In my neighborhood there are a few houses with smallish (6 to 10 feet) trees wrapped in what appears to be gauze. Why? It’s mostly transparent, so it doesn’t seem like it could protect them from the sun. Is it for some pest?
My gut tells me I’d have to quote too much for Fair Use in order to answer, but … these people seem to cover all the usual reasons:
Which doesn’t tell us what your people were trying to do, or even if they’re using a product that will achieve their goals.
It could be to prevent sunscald.
The wrap protects the young tree trunk from physical damage (trimmer line, sun scorch, deer nibbling) but stretches as the tree grows, then degrades. Maybe it protects against boring insects as well.
JFC. If I have to hear that ash borer’s “Guy walks into a bar” joke One More Time … !
I’m not sure where you live but there has been news coverage that Brood X of the periodic cicadas will be emerging soon. They purportedly kill smaller trees, particularly those with branches thinner than a pencil, Might you be in one of the affected places?
In DC, I’m seeing smaller trees covered in gauze tents to protect against cicadas. I think you’re in the same area?
Cicadas would probably explain it. Thanks!
Dunno why it would be cicadas. They feed on roots. Once they pop above ground to reproduce they don’t eat at all. I’ve heard of their combined weight pulling down branches but otherwise they are harmless to the tree once they are above ground.

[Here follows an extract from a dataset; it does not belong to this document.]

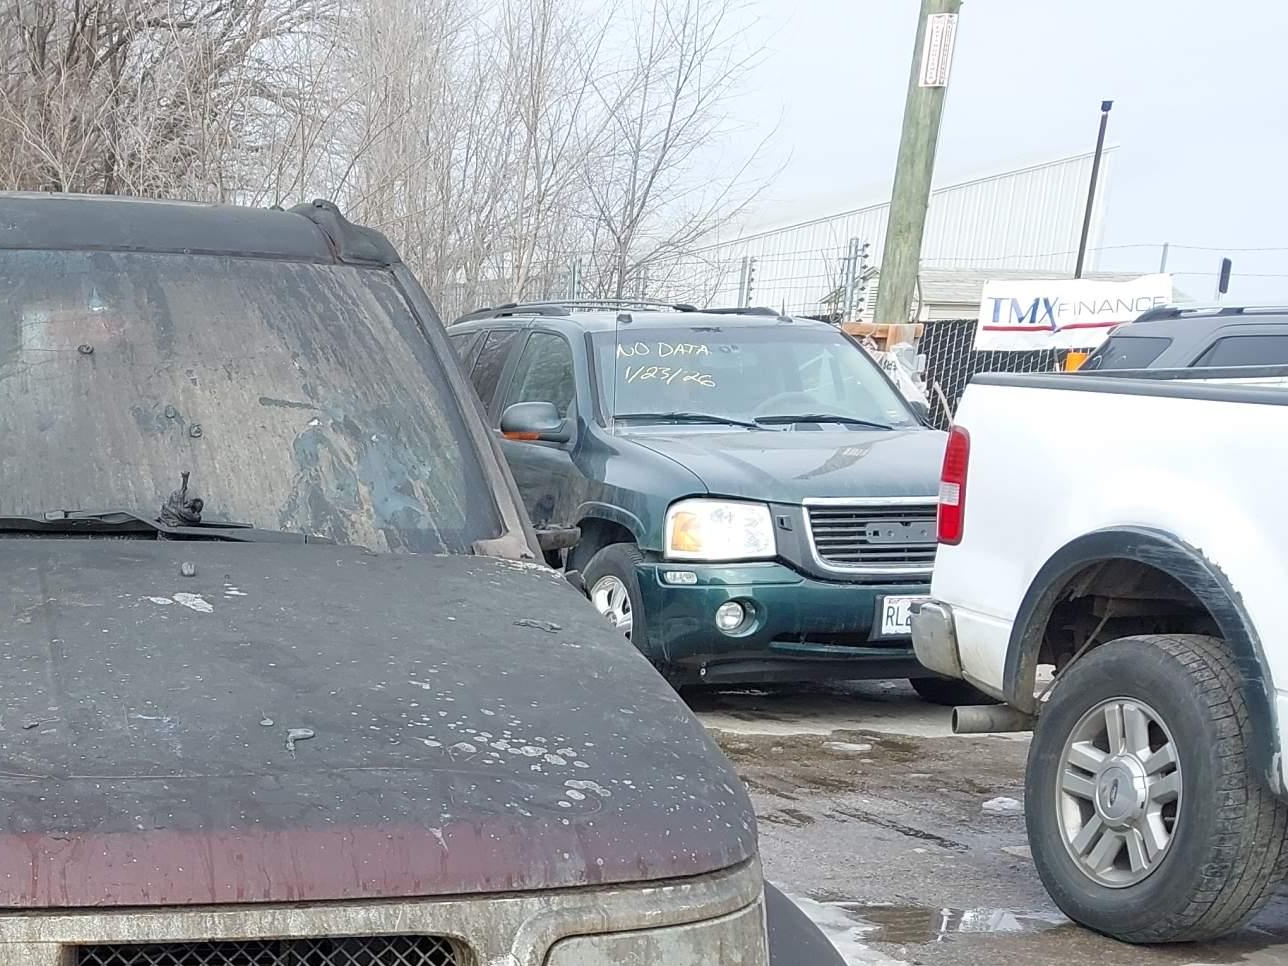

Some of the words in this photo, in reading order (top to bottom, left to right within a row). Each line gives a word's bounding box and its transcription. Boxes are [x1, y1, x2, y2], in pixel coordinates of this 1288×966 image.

[988, 296, 1059, 334] TMX
[616, 342, 650, 358] NO
[657, 342, 710, 358] DATA
[625, 366, 716, 387] 1/23/26

The females cut grooves in the branches and lay eggs inside. Mature trees often have scars.
But they will be all over the whole tree. What use is there in wrapping the bottom of the trunk to protect from cicadas?
Also, it would be weird if cicadas seriously harmed their tree. Each successive generation depends on the tree for their own survival. Doing something that would kill the tree (or make it more susceptible to dying) would be an evolutionary bad move for them (I would think).
The entirety of the trees I’ve been seeing are wrapped, not just the trunks.
Might as well just tent the whole tree and fumigate it.
Ahhhhh, I’ve never seen that. I thought you were describing trunks that were wrapped.
Then it’s certainly to protect it from bugs. Really bad for local bird life though, people do ridiculously earth damaging things to hold back bugs.
Here in DC, I’ve only seen it on small trees that look like they were planted recently and only in the last couple of weeks because of brood x.
That matches the trees I’ve seen – planted recently, not very big.
Meanwhile all us fly fishers are stockpiling cicada flies and waiting…
Not knowing where the OP lives and at the risk of saying something really stupid, but perhaps of interest to some …
When I lived in the Midwest, every few years we’d have a population explosion of a certain type of spider. They were very small, but their webs looked like a gauzy curtain that would partly or completely envelop a hefty fraction of all the trees and many shrubs in the local area. This article is about a similar-looking event in Pakistan but I’ve seen it in Missouri and Texas.
Ref this university cite, certain worms in Oklahoma can produce a similar effect.
Nature: it be weird an’ shit.
I’ve seen in western Canada where they are still fighting a rear-guard action against Dutch Elm Disease that they will wrap the trunk of old elm trees in a strip (only a strip) of fiberglass and foil. Apparently this discourages the bugs that carry the fungus up to the top of the trees in the spring.
I know the *^&%&%$$# rabbits chew off the shoots and bark of smallish trees so protecting the first foot or two is a good idea until they get big enough.